Teo González is a postminimalist painter born in 1964.

945 Gotas de Tinta, Teo González 1991

==Life and work==
González was born in Quinto and grew up in Zaragoza, Spain. During his youth he won distinctions in painting, drawing, and comic awarded by the Spanish government. In 1991 he moved to California, and later on he attended California State University in Bakersfield.

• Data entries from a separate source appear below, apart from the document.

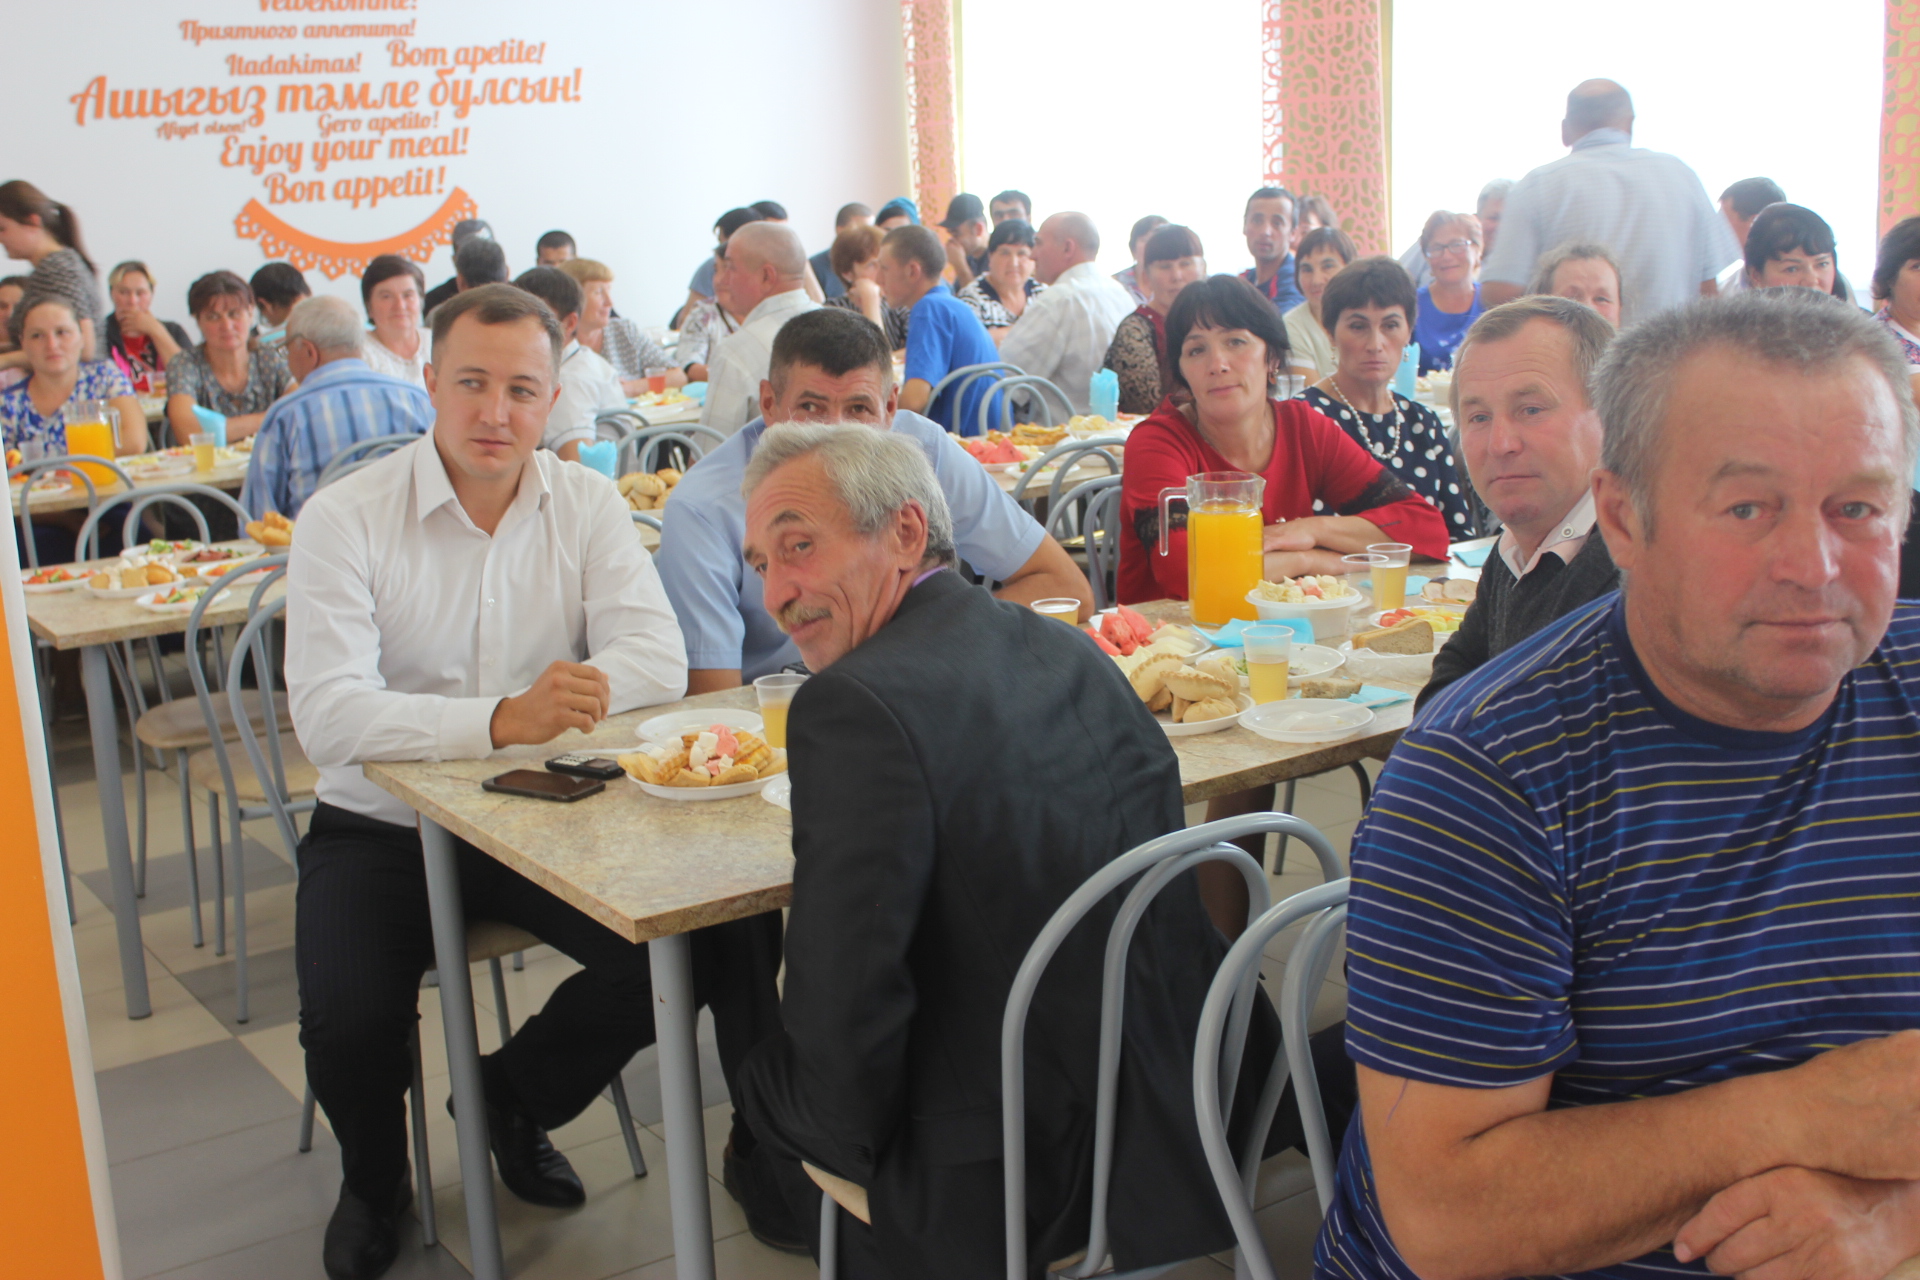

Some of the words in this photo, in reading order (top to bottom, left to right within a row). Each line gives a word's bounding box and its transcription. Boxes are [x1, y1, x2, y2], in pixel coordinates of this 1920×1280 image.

[180, 20, 298, 46] Приятного
[303, 19, 417, 38] аппетита!
[225, 53, 363, 76] Itadakimas!
[387, 39, 449, 67] Bom
[455, 38, 547, 74] apetite!
[70, 75, 267, 127] Ашыгыз
[277, 80, 420, 113] тәмле
[430, 66, 582, 119] булсын!
[318, 113, 363, 138] Gero
[368, 111, 440, 137] apetito!
[219, 134, 304, 176] Enjoy
[312, 139, 383, 172] your
[389, 127, 470, 160] meal!
[263, 172, 327, 205] Bon
[333, 165, 446, 209] appetit!
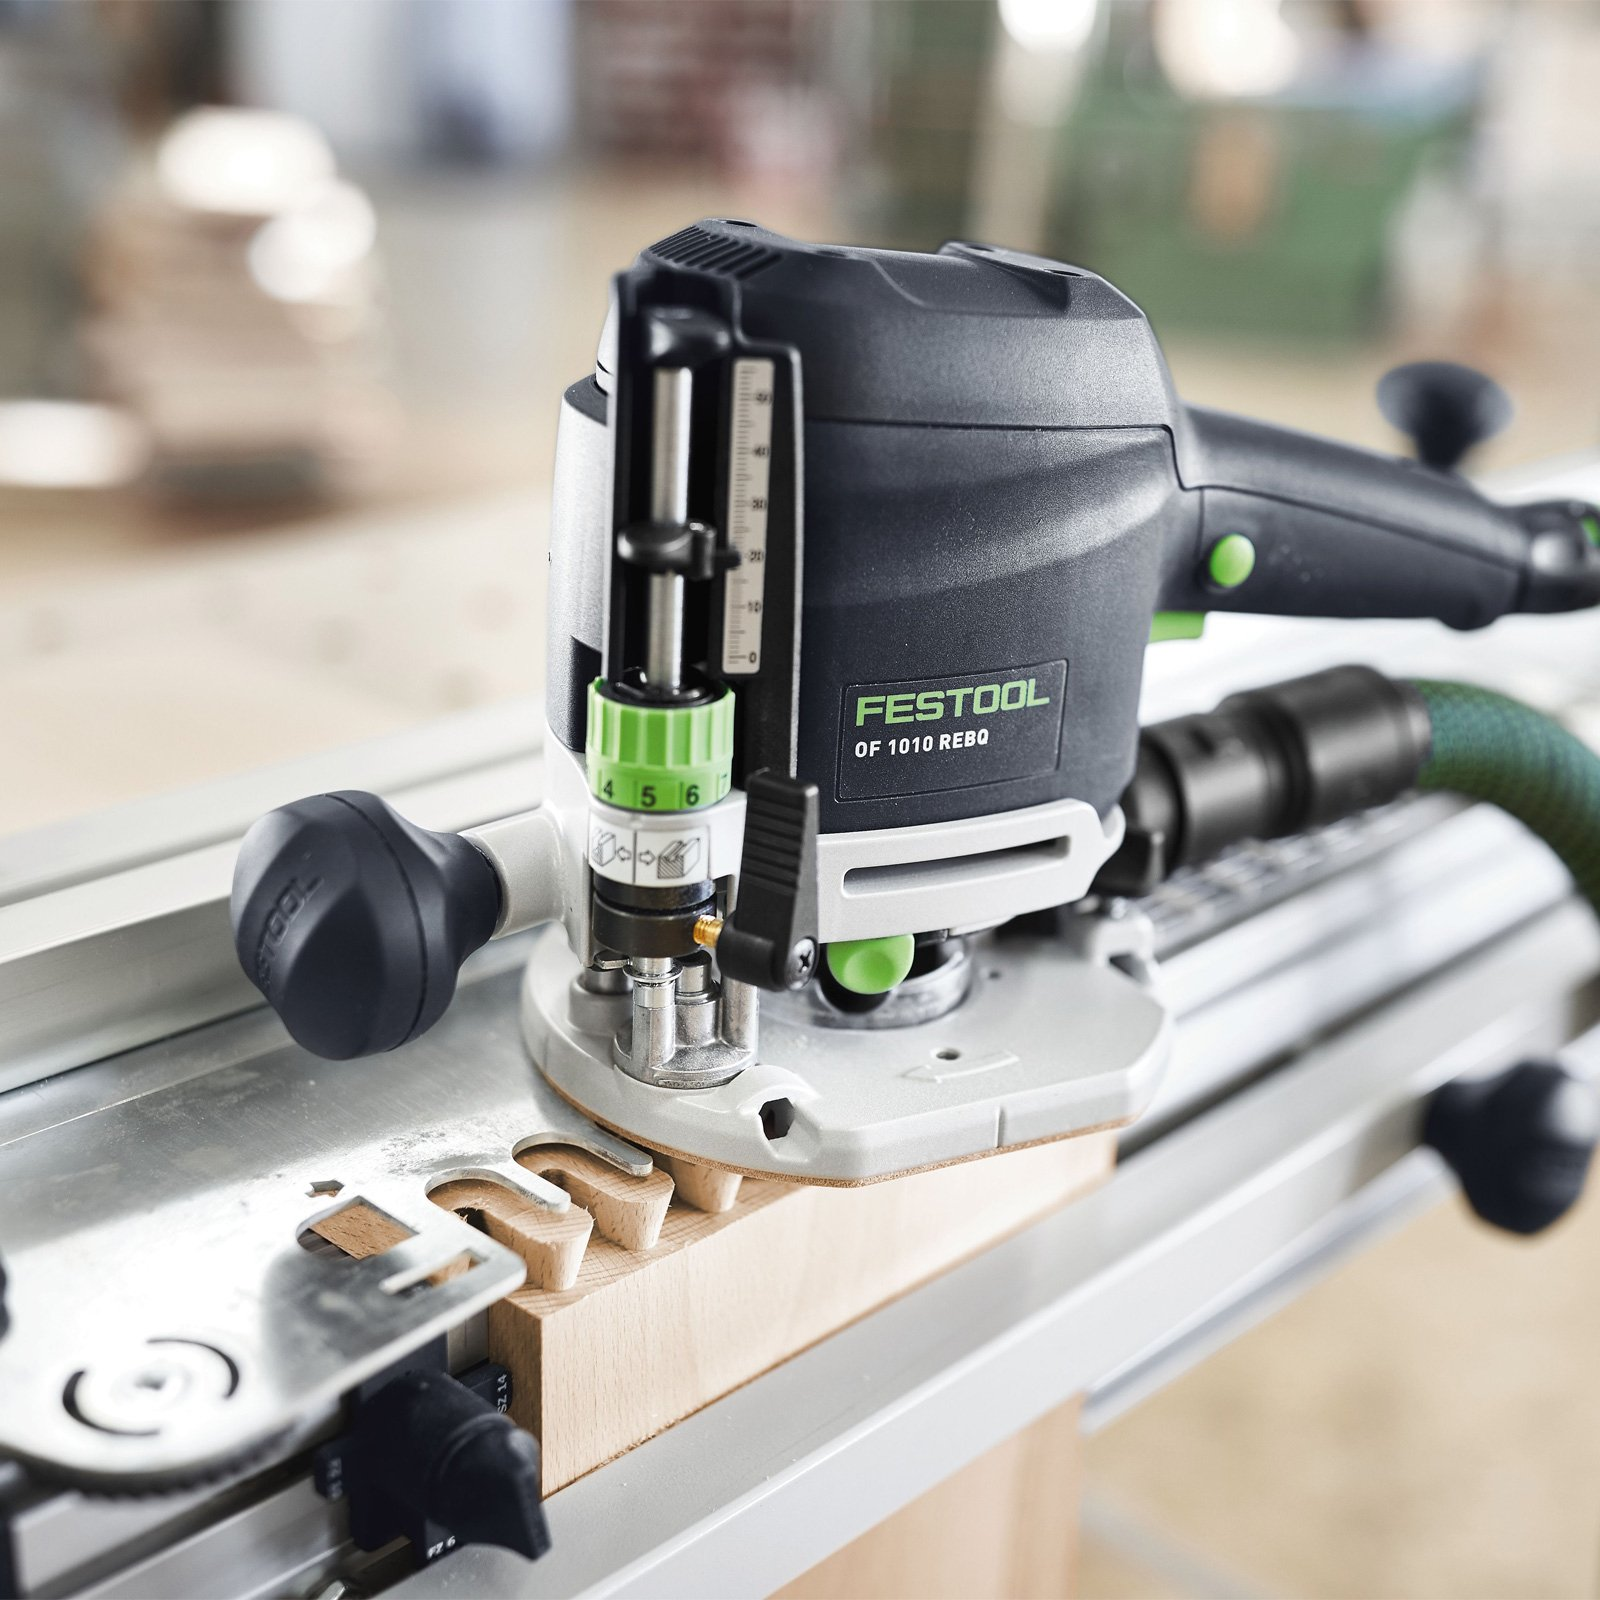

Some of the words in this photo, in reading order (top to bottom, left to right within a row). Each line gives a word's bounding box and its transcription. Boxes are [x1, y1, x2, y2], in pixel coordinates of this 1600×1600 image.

[749, 549, 764, 564] 20
[747, 600, 761, 613] 10
[748, 651, 757, 664] 0
[855, 678, 1050, 727] FESTOOL
[854, 740, 882, 758] OF
[888, 735, 934, 756] 1010
[939, 728, 989, 751] REBQ
[603, 779, 614, 799] 4
[641, 784, 656, 808] 5
[685, 784, 699, 806] 6
[446, 1535, 456, 1548] 6
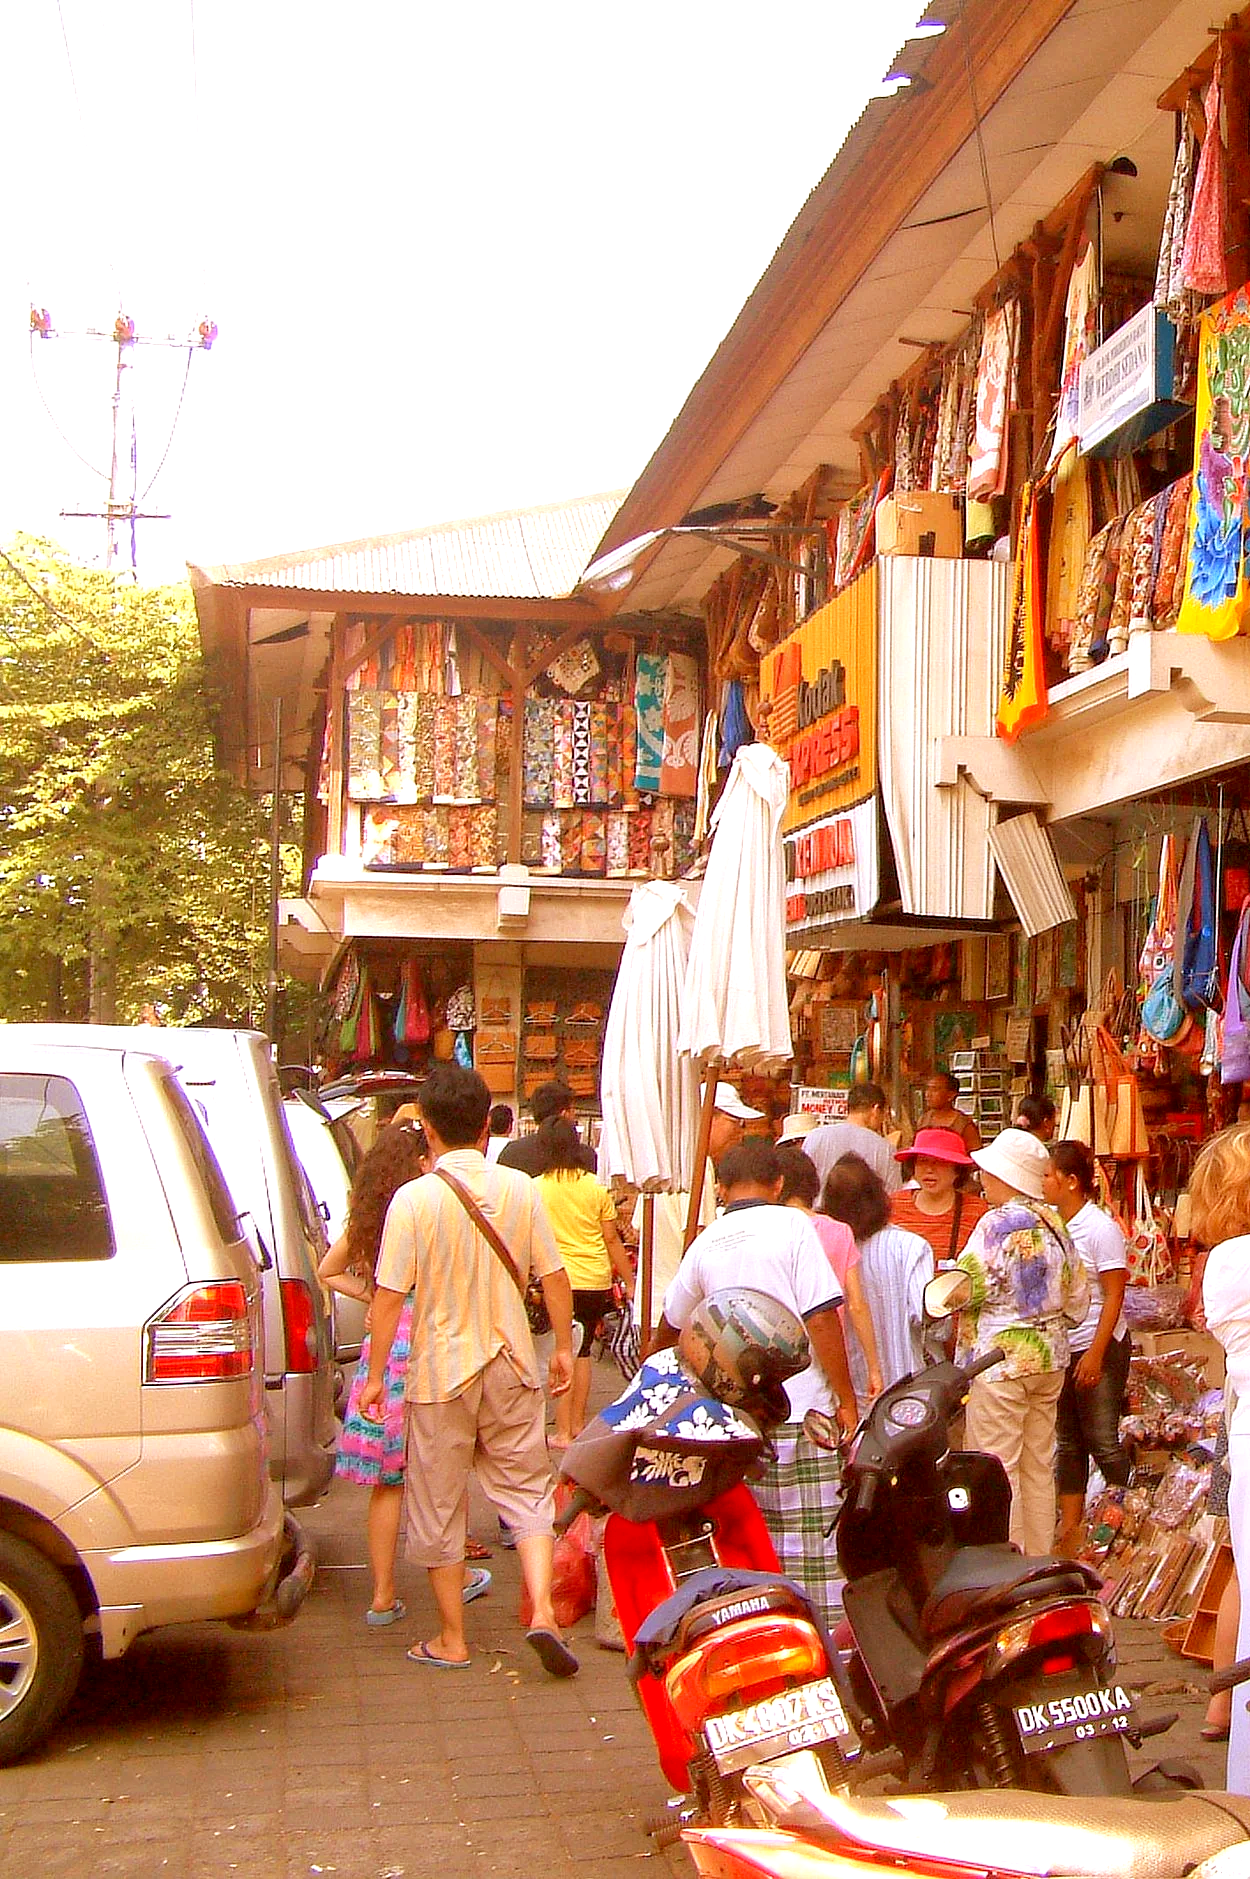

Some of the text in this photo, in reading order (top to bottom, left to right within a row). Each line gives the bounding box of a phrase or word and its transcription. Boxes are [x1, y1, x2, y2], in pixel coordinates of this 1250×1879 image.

[797, 659, 847, 731] Kodak
[783, 705, 860, 790] XPRESS
[802, 1103, 833, 1114] MONEY
[712, 1596, 770, 1625] YAMAHA

He graduated magna cum laude in 1997, receiving a bachelor's degree in fine art.

Teo González's first professional solo show was in San Francisco, CA in 1996. Currently he works and lives in Brooklyn, NY. Known for his work using drops of pigment and grids, González's work is frequently compared to that of Agnes Martin, Jackson Pollock and Sol LeWitt.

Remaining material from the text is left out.